--- EXCERPTED DATA Enclosed Below ---

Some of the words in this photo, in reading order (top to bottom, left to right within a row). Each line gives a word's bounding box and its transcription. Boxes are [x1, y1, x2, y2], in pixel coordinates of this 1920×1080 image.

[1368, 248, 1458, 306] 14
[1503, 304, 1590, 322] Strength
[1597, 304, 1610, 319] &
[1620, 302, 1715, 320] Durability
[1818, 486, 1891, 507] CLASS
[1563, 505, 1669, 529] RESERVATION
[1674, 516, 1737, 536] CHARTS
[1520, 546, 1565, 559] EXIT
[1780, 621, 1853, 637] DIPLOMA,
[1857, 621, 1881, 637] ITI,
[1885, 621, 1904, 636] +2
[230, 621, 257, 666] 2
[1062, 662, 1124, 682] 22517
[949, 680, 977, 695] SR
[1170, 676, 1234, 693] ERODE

--- End of Enclosed EXCERPTED DATA ---

TRY IT: The complete set of entries is to be restated word for word.

EXERCISE RESPONSE:
Some of the words in this photo, in reading order (top to bottom, left to right within a row). Each line gives a word's bounding box and its transcription. Boxes are [x1, y1, x2, y2], in pixel coordinates of this 1920×1080 image.

[1368, 248, 1458, 306] 14
[1503, 304, 1590, 322] Strength
[1597, 304, 1610, 319] &
[1620, 302, 1715, 320] Durability
[1818, 486, 1891, 507] CLASS
[1563, 505, 1669, 529] RESERVATION
[1674, 516, 1737, 536] CHARTS
[1520, 546, 1565, 559] EXIT
[1780, 621, 1853, 637] DIPLOMA,
[1857, 621, 1881, 637] ITI,
[1885, 621, 1904, 636] +2
[230, 621, 257, 666] 2
[1062, 662, 1124, 682] 22517
[949, 680, 977, 695] SR
[1170, 676, 1234, 693] ERODE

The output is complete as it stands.